Images for object localization:
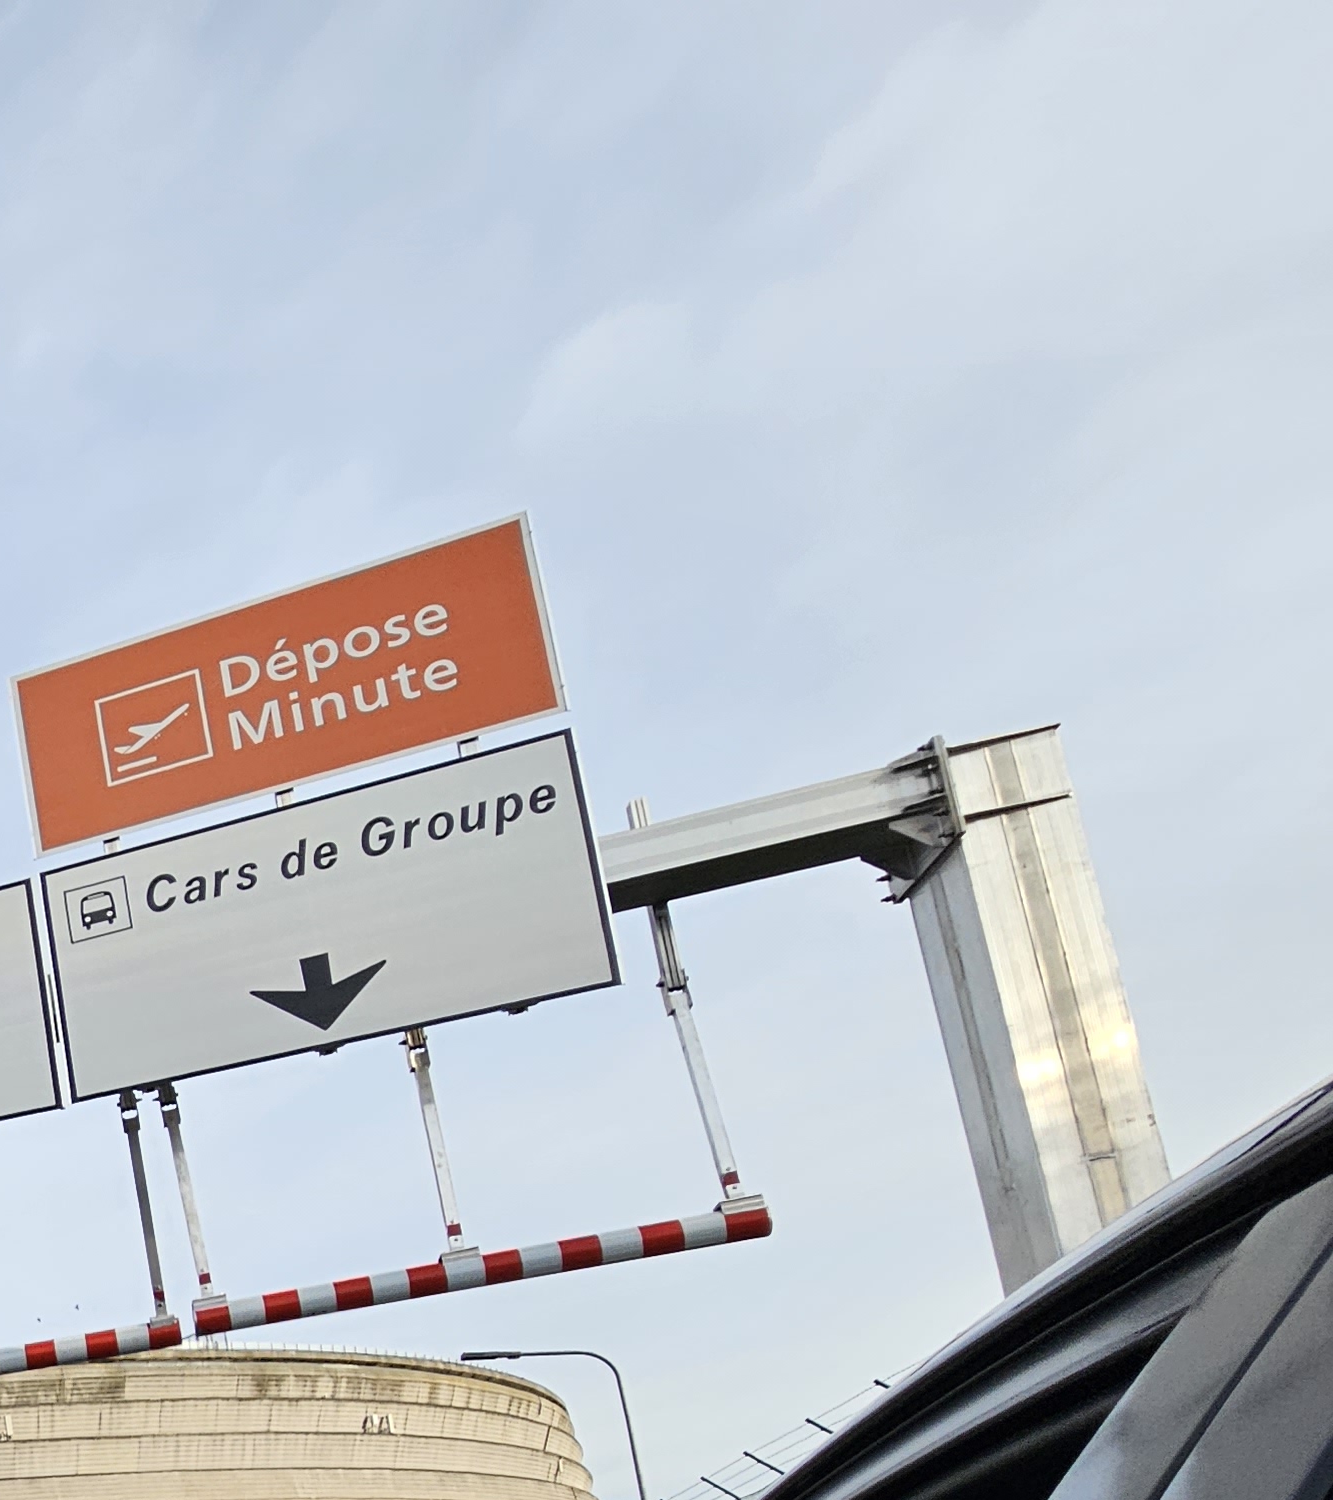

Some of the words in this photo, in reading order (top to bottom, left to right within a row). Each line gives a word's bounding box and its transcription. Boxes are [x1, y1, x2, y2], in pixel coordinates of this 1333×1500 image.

[218, 602, 449, 699] Dépose
[227, 658, 459, 751] Minute
[145, 863, 259, 913] Cars
[280, 837, 339, 879] de
[360, 783, 557, 858] Groupe
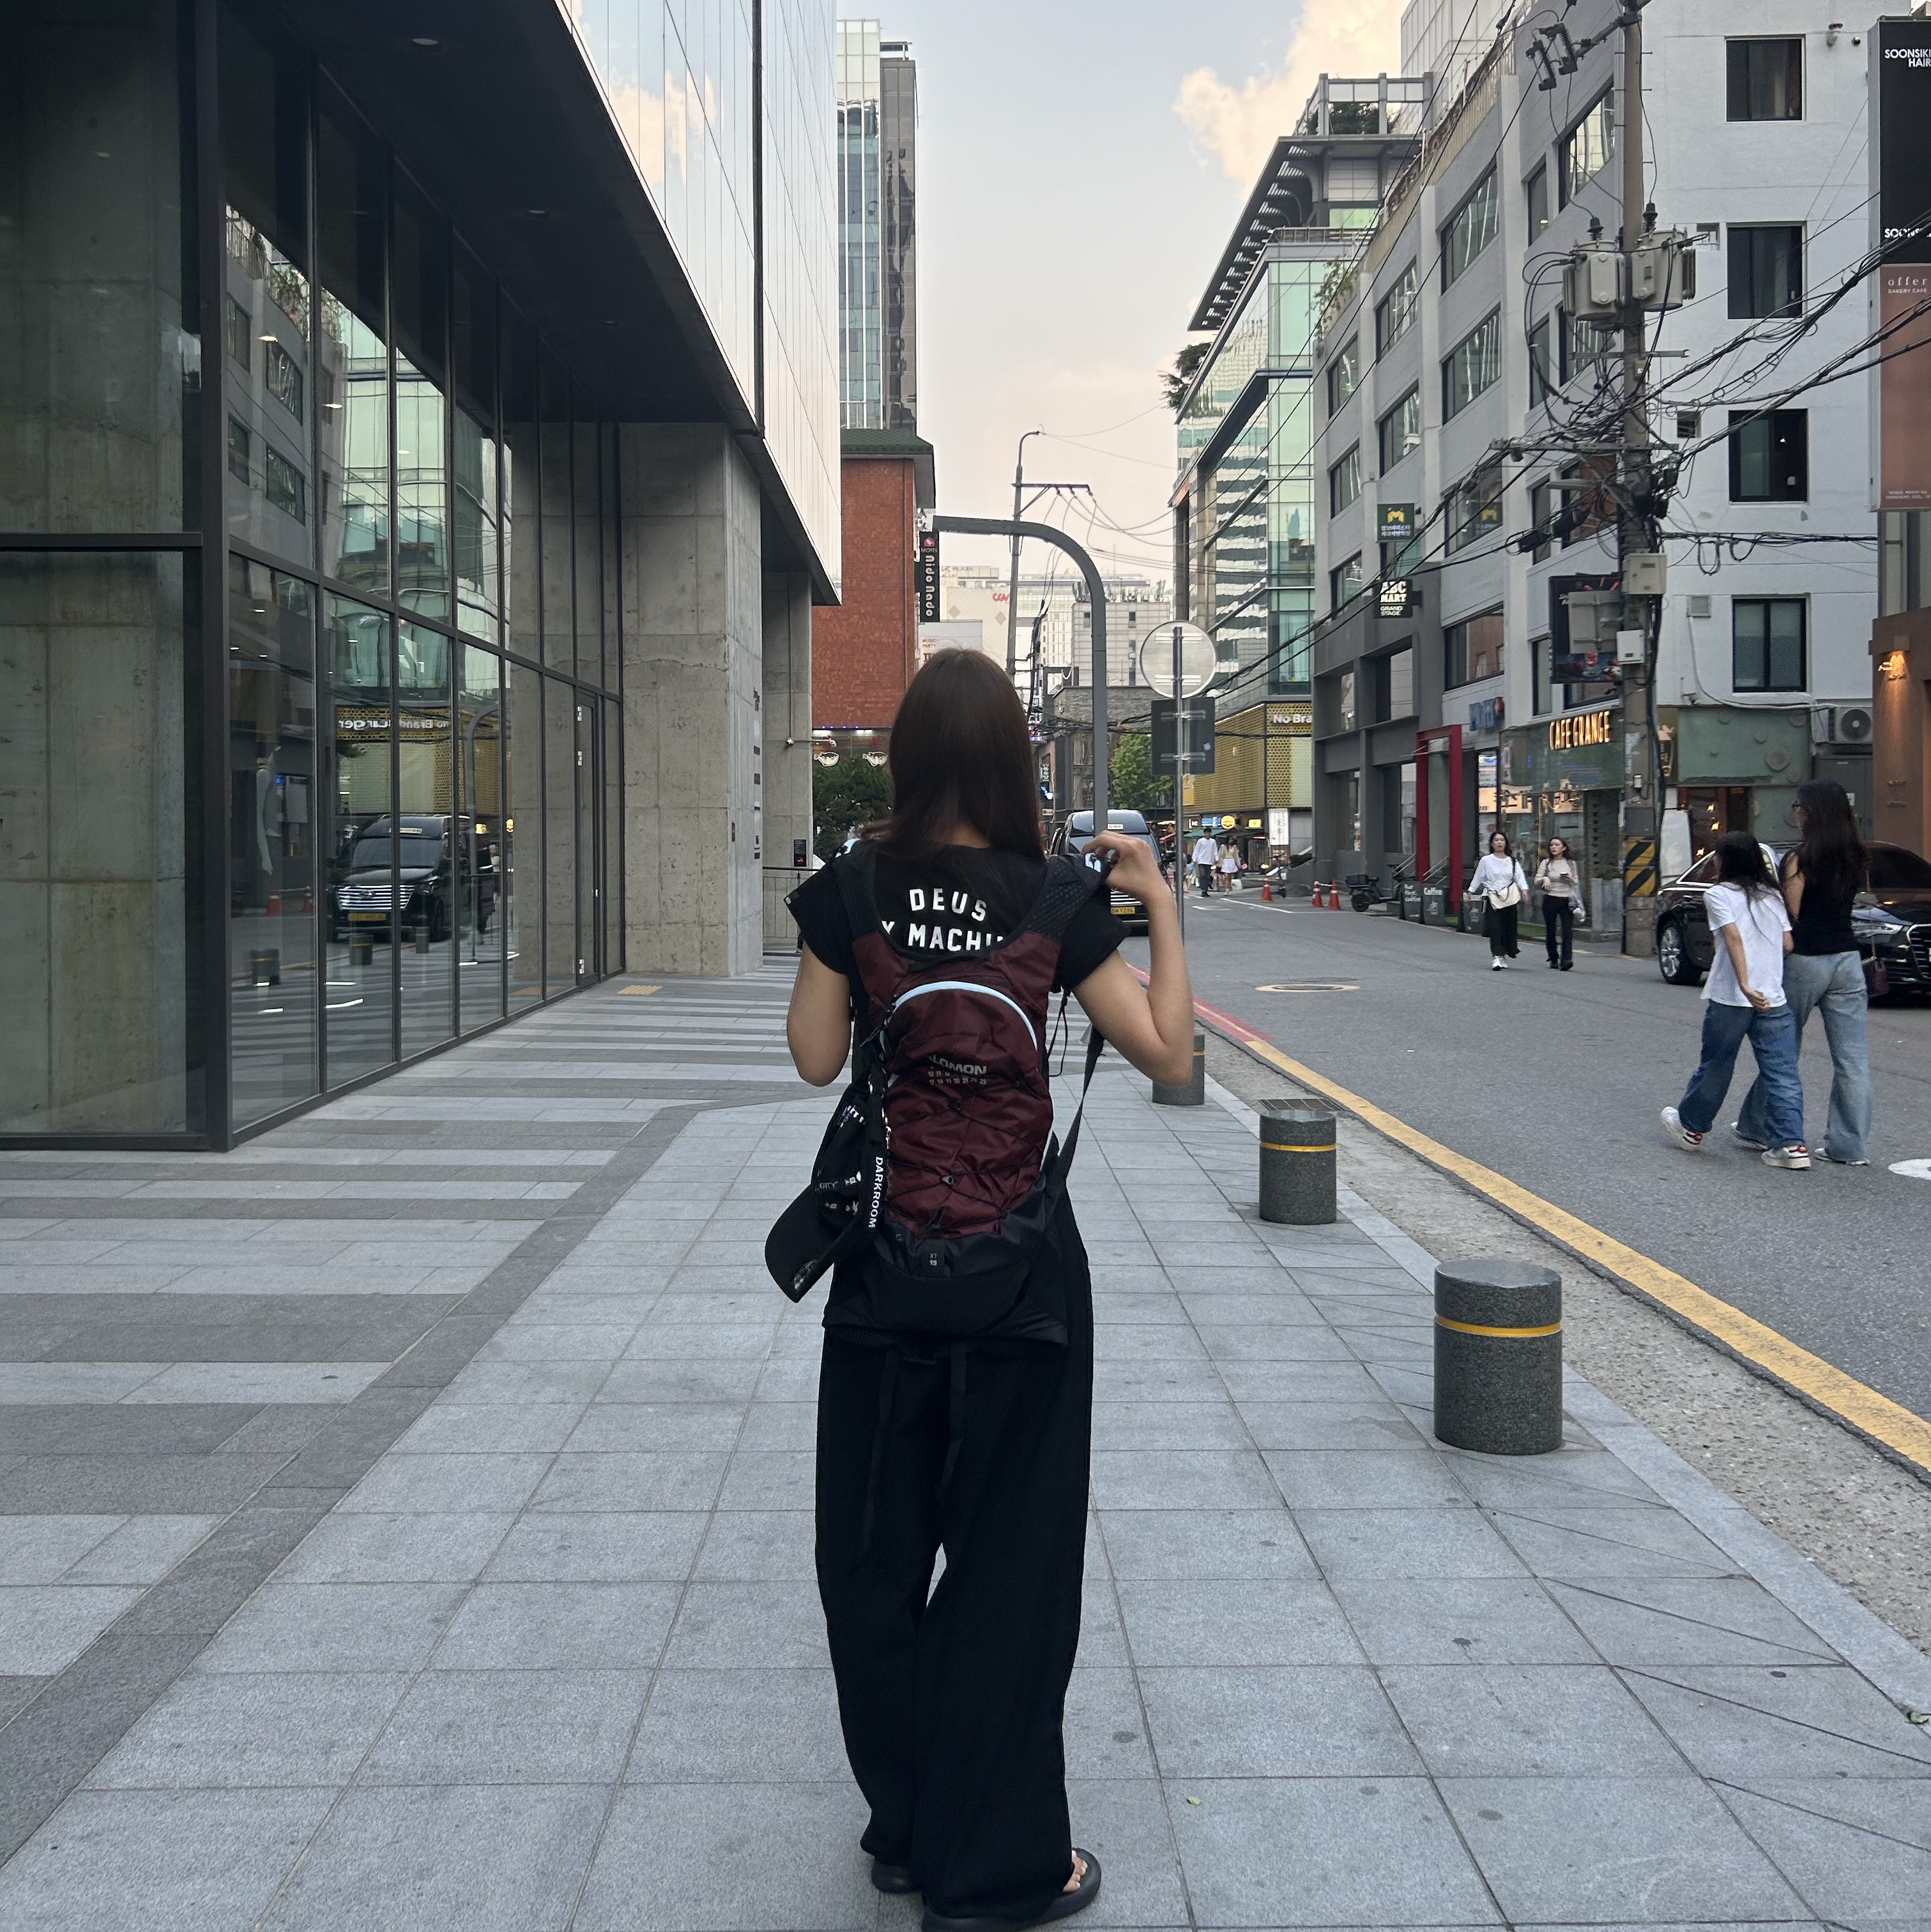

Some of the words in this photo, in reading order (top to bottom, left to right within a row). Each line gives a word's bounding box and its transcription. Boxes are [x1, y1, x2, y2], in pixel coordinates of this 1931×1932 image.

[1908, 58, 1931, 67] HAIR
[1888, 277, 1928, 286] offer
[925, 555, 935, 582] nido
[1380, 581, 1407, 594] ABC
[1380, 594, 1407, 602] MART
[925, 585, 935, 617] nado
[1273, 714, 1290, 724] No
[1292, 714, 1312, 724] Bra
[1549, 718, 1571, 750] CAFE
[1573, 710, 1610, 747] GRANGE
[909, 888, 987, 922] DEUS
[908, 923, 1004, 952] MACHI
[928, 1054, 987, 1075] LOMON
[868, 1156, 883, 1228] DARKROOM
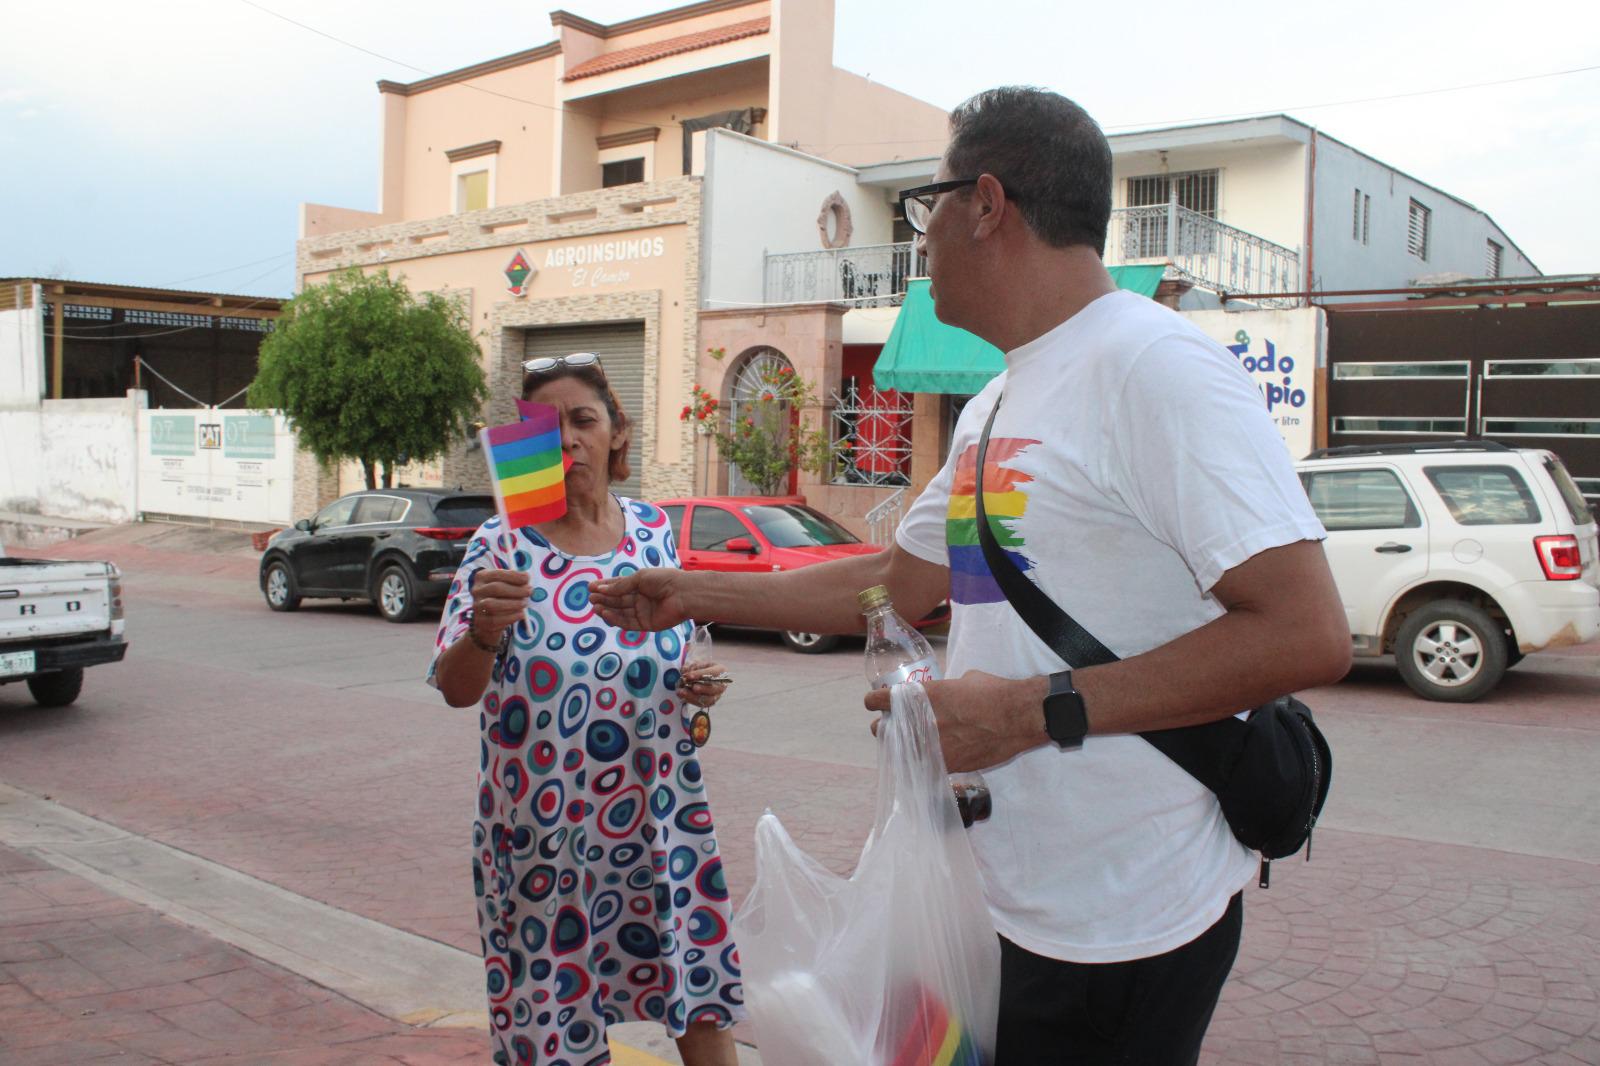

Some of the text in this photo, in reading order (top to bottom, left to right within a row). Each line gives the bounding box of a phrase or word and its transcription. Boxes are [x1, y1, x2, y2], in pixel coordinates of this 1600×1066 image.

[544, 236, 665, 268] AGROINSUMOS
[1258, 376, 1306, 413] pio
[200, 425, 221, 447] CAT

_Directions for this task:_
Set down the entries exactly as they appear, with every picture left out.

_Answer box:_
Some of the words in this photo, in reading order (top to bottom, left to right within a row). Each line gives a word's bounding box and its transcription. Boxes are [x1, y1, x2, y2], in pixel coordinates of this 1333×1500 image.

[218, 602, 449, 699] Dépose
[227, 658, 459, 751] Minute
[145, 863, 259, 913] Cars
[280, 837, 339, 879] de
[360, 783, 557, 858] Groupe

Some of the words in this photo, in reading order (top to bottom, left to right within a row). Each line gives a word's bounding box and its transcription. Boxes are [x1, y1, x2, y2], in pixel coordinates of this 1931×1932 image.

[1908, 58, 1931, 67] HAIR
[1888, 277, 1928, 286] offer
[925, 555, 935, 582] nido
[1380, 581, 1407, 594] ABC
[1380, 594, 1407, 602] MART
[925, 585, 935, 617] nado
[1273, 714, 1290, 724] No
[1292, 714, 1312, 724] Bra
[1549, 718, 1571, 750] CAFE
[1573, 710, 1610, 747] GRANGE
[909, 888, 987, 922] DEUS
[908, 923, 1004, 952] MACHI
[928, 1054, 987, 1075] LOMON
[868, 1156, 883, 1228] DARKROOM

Some of the text in this photo, in reading order (top to bottom, left to right within a row). Each line gives the bounding box of a phrase or word and its transcription. Boxes are [x1, y1, x2, y2], in pixel coordinates of this 1600×1066 image.

[544, 236, 665, 268] AGROINSUMOS
[1258, 376, 1306, 413] pio
[200, 425, 221, 447] CAT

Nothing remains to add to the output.